### Exercise prompt
An exact copy of every entry is the answer here, with no pictures.

Phrase grounding data
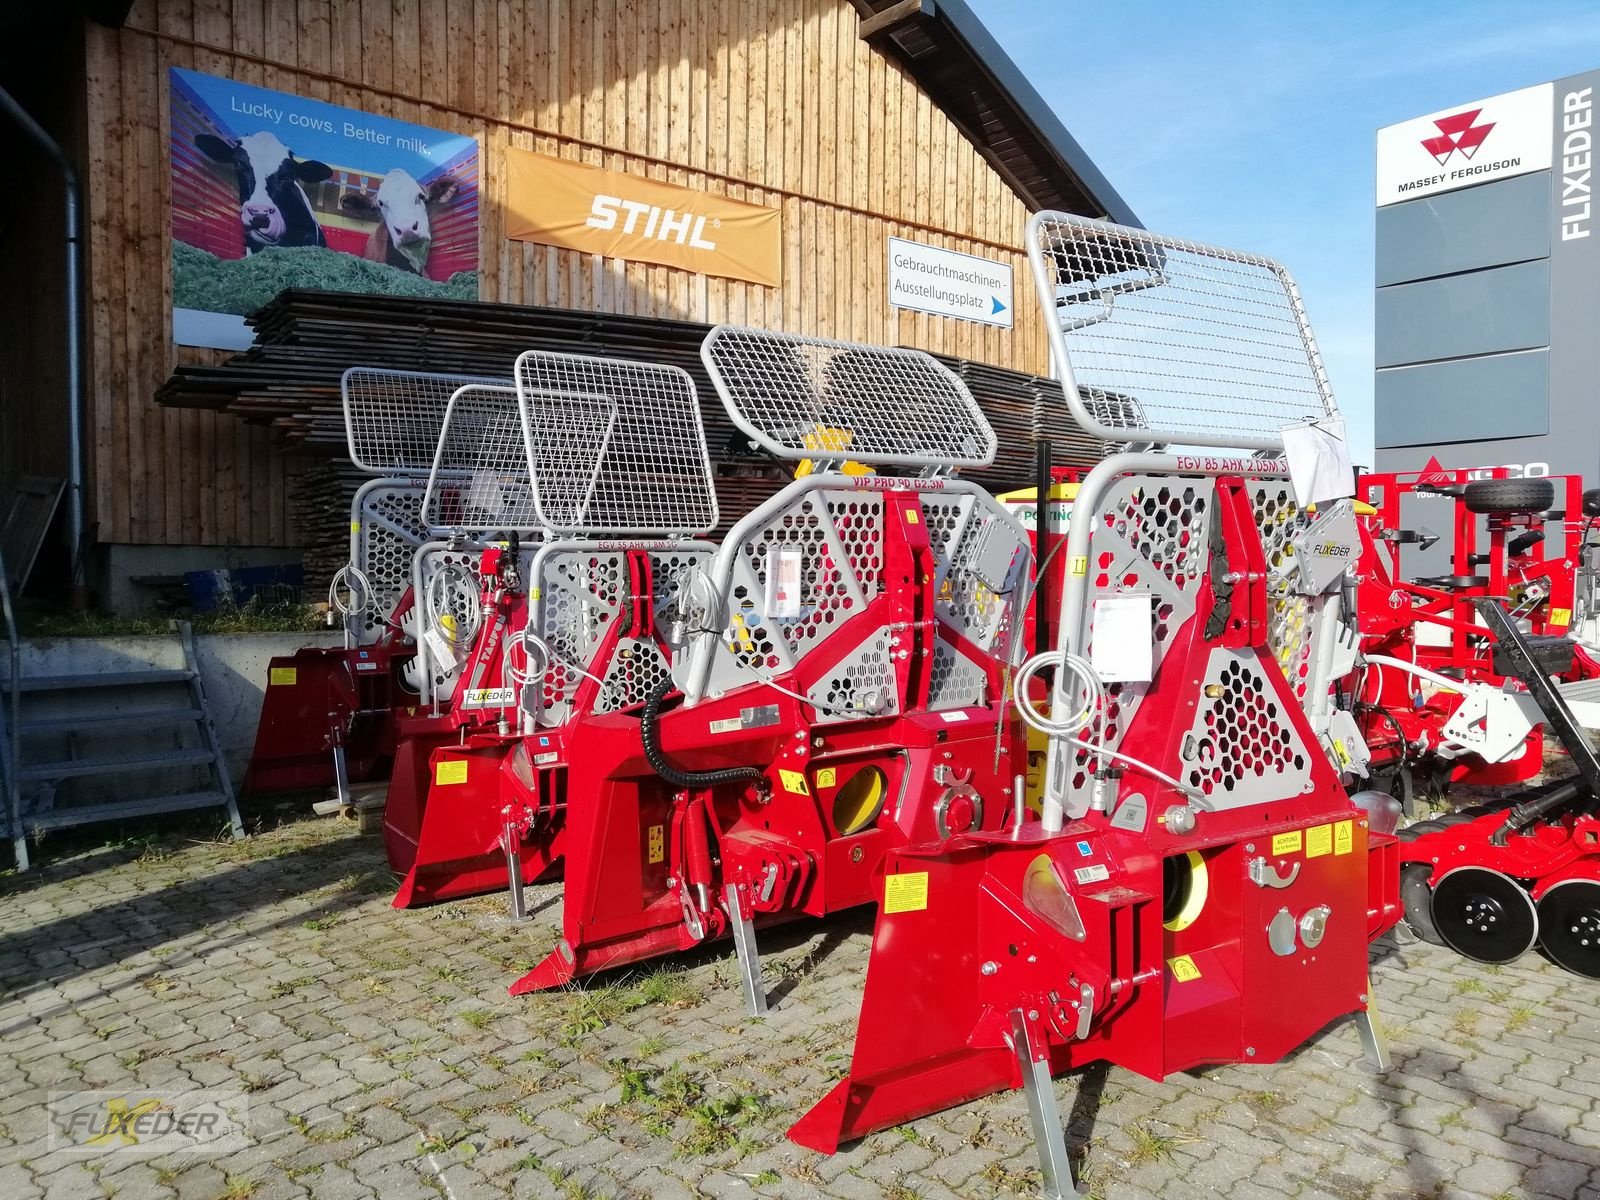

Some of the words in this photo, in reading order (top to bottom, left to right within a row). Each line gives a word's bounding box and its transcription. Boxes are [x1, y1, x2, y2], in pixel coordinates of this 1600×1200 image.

[231, 96, 283, 124] Lucky
[289, 113, 337, 134] cows.
[344, 122, 392, 146] Better
[396, 137, 432, 155] milk.
[1398, 174, 1446, 193] MASSEY
[1451, 157, 1521, 180] FERGUSON
[1562, 87, 1592, 241] FLIXEDER
[585, 194, 716, 250] STIHL
[895, 278, 984, 308] Ausstellungsplatz
[1177, 456, 1200, 470] EGV
[1205, 457, 1219, 471] 85
[1221, 458, 1244, 472] AHK
[1247, 459, 1279, 473] 2.05M
[1281, 461, 1289, 473] S
[853, 477, 871, 487] VIP
[874, 477, 896, 488] PRO
[598, 541, 615, 550] EGV
[617, 541, 627, 550] 55
[629, 541, 645, 550] AHK
[1313, 544, 1350, 557] FLIXEDER

### The answer
Some of the words in this photo, in reading order (top to bottom, left to right within a row). Each line gives a word's bounding box and its transcription. Boxes are [x1, y1, x2, y2], in pixel coordinates of this 1600×1200 image.

[231, 96, 283, 124] Lucky
[289, 113, 337, 134] cows.
[344, 122, 392, 146] Better
[396, 137, 432, 155] milk.
[1398, 174, 1446, 193] MASSEY
[1451, 157, 1521, 180] FERGUSON
[1562, 87, 1592, 241] FLIXEDER
[585, 194, 716, 250] STIHL
[895, 278, 984, 308] Ausstellungsplatz
[1177, 456, 1200, 470] EGV
[1205, 457, 1219, 471] 85
[1221, 458, 1244, 472] AHK
[1247, 459, 1279, 473] 2.05M
[1281, 461, 1289, 473] S
[853, 477, 871, 487] VIP
[874, 477, 896, 488] PRO
[598, 541, 615, 550] EGV
[617, 541, 627, 550] 55
[629, 541, 645, 550] AHK
[1313, 544, 1350, 557] FLIXEDER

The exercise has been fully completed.